Il bene diverso e consolante della Messa in televisione
martedì 10 marzo 2020

Caro direttore,

è un fenomeno quasi del tutto nuovo quello che sta capitando e anche i riti religiosi subiscono il contagio dell’effetto coronavirus. La chiusura dei luoghi di culto e la sospensione delle celebrazioni liturgiche riportano in auge il problema dei riti in tv. La questione è contrastante. Sappiamo che esistono documenti ecclesiali che “sostengono” tale possibilità, vedere in tv il rito della Messa. La cosa nasce quasi esclusivamente per favorire anziani e ammalati impossibilitati a partecipare fisicamente-realmente al rito. I liturgisti sostengono che un rito visto in tv, quindi con l’esclusione del corpo e delle azioni sacramentali, non ha valore simbolico, ecclesiologico, di presenza-incontro con il mistero di Cristo.

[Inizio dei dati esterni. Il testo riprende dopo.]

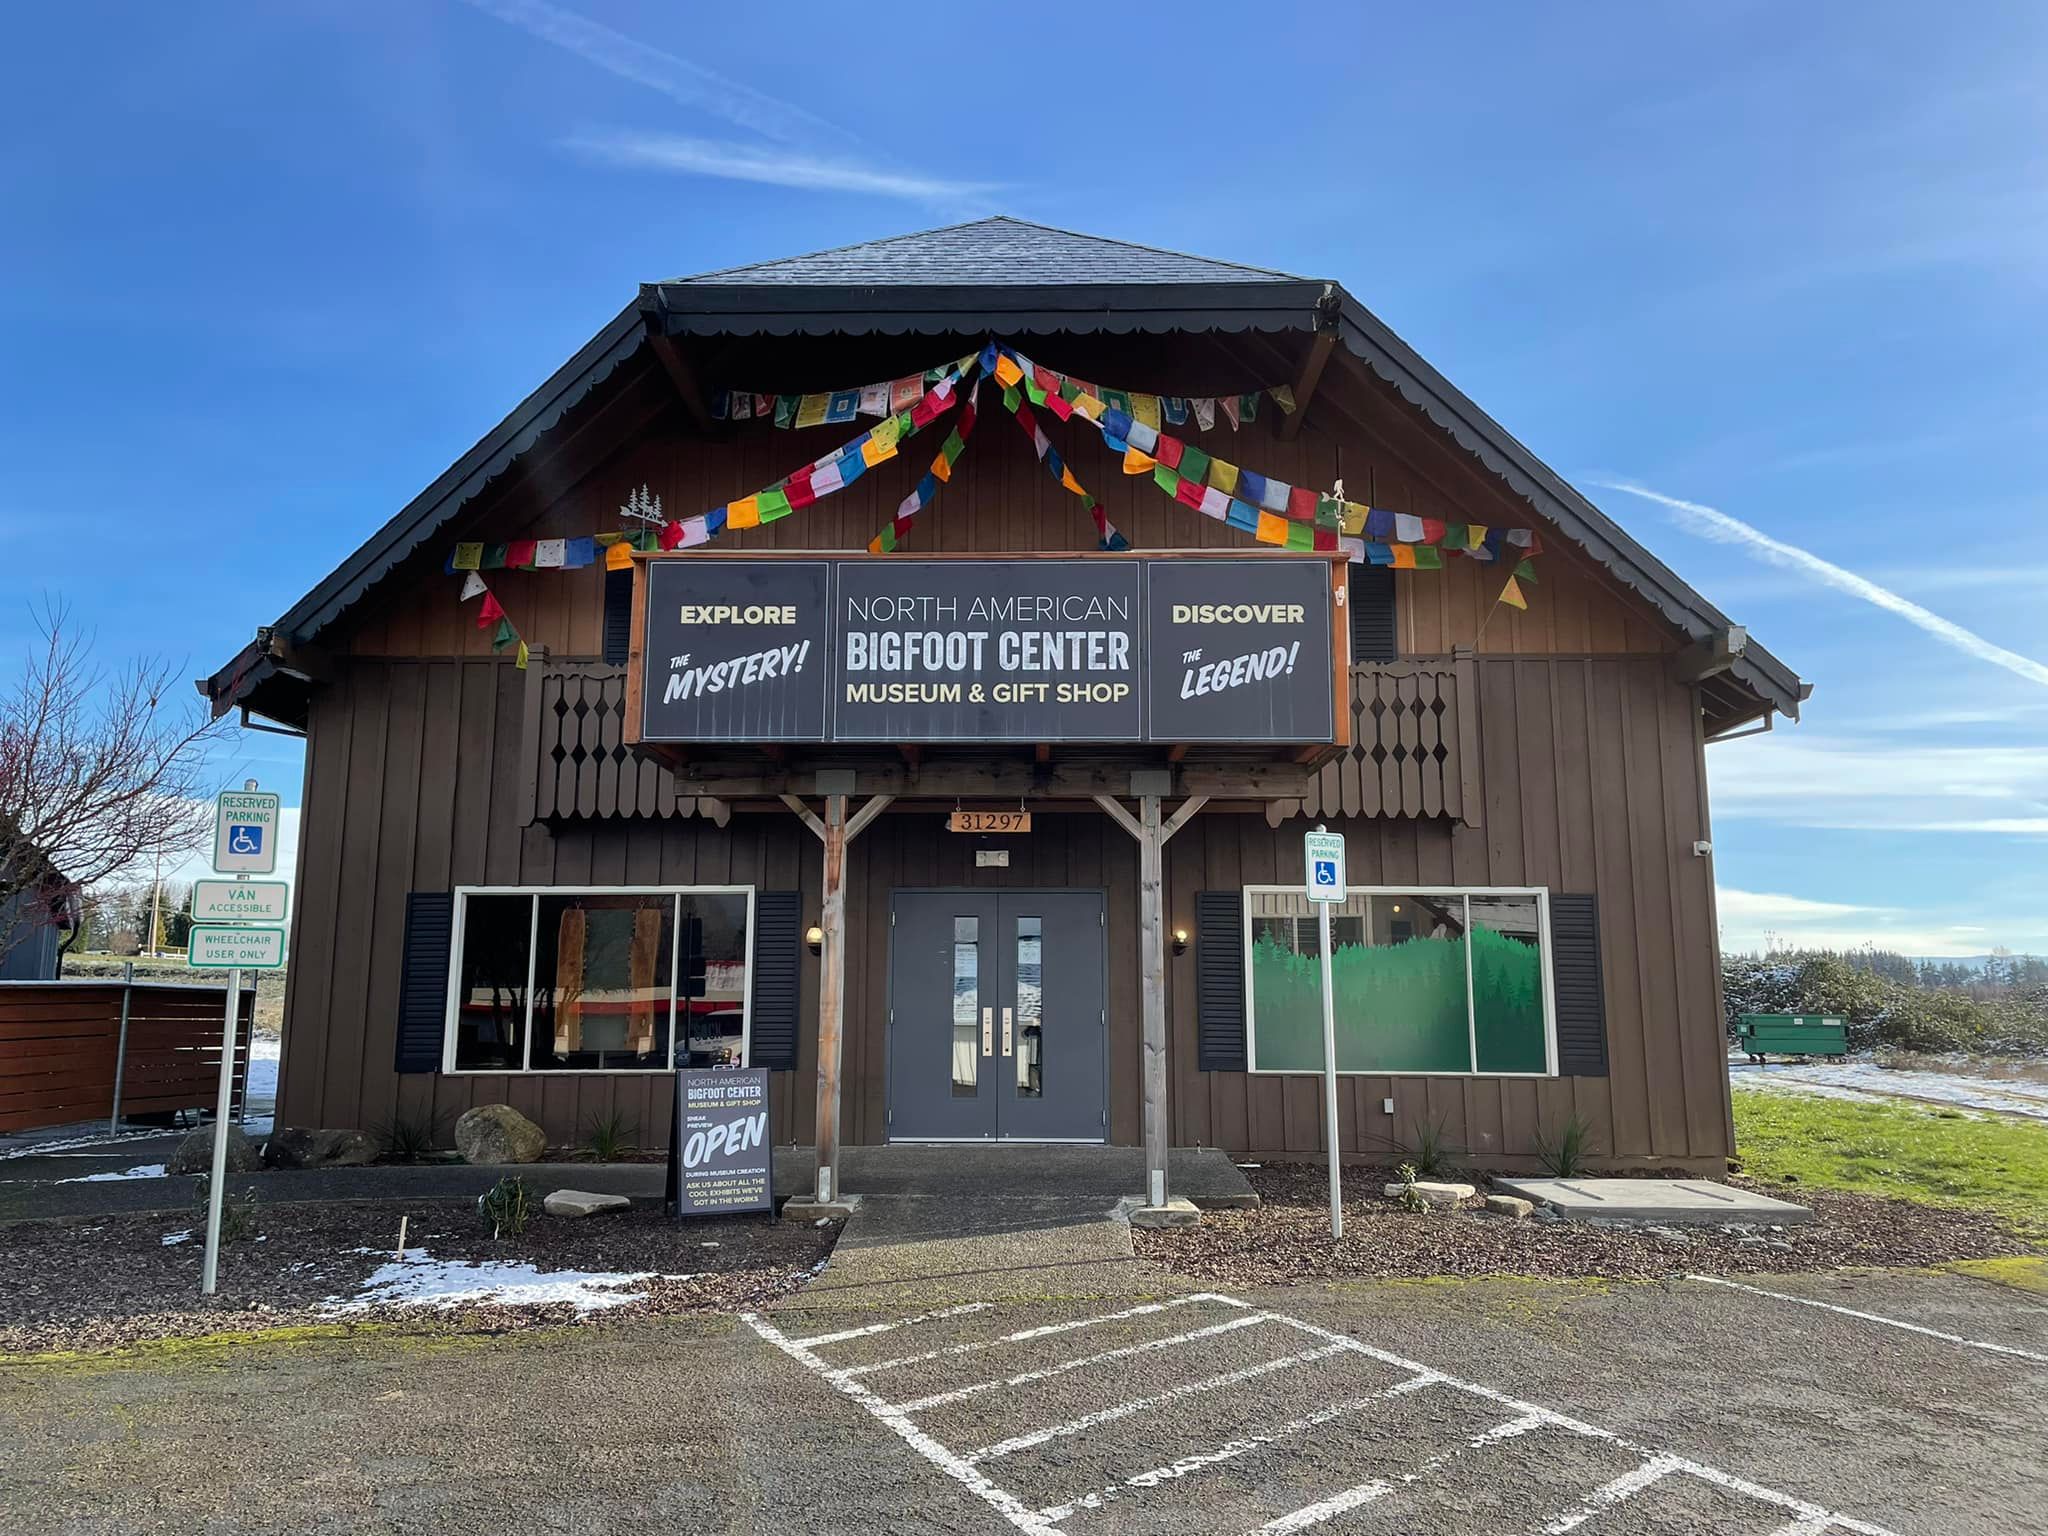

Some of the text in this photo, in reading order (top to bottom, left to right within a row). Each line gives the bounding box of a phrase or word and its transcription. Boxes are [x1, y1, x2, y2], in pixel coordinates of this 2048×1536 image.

Sì perché, nella Messa cattolica c’è la presenza reale di Gesù. Se quella virtuale mass-mediale avesse lo stesso valore di quella celebrata in assemblea, non servirebbe più essere convocati e ritrovarsi. Bene l’invito a pregare in casa, individualmente o in famiglia. Ottimo riscoprire la lettura di un brano o di un libro biblico. C’è poi il silenzio, la meditazione, le azioni di carità e di fraternità. Ma la Messa in tv no. Al Signore si accede soprattutto con l’esserci realmente, come nei vangeli, “oggi sarò a casa tua”.

Sergio Benetti Dueville (Vi)


Il valore della Messa partecipata direttamente, vissuta come comunità cristiana riunita in assemblea alla presenza reale di Cristo, è chiaro, caro professore. E, tra noi cattolici, anche chi non ha scienza sufficiente lo sa per esperienza viva. Proprio per questo, arrivo a dire, anche il bene diverso ma autentico della consolazione rappresentata della Messa trasmessa per tv, per radio o via internet va apprezzato a fondo. E non per nulla la Chiesa esperta delle cose di Dio e delle cose umane la propone, sostiene e propaga nelle diverse forme che conosciamo da decenni e sino a quest’oggi malato e di sofferto e sofferente «digiuno eucaristico». La Messa in tv (e non solo), insomma, sì. Nell’attesa fiduciosa di costruire responsabilmente, con carità reciproca, il tempo per tornare a viverla pienamente.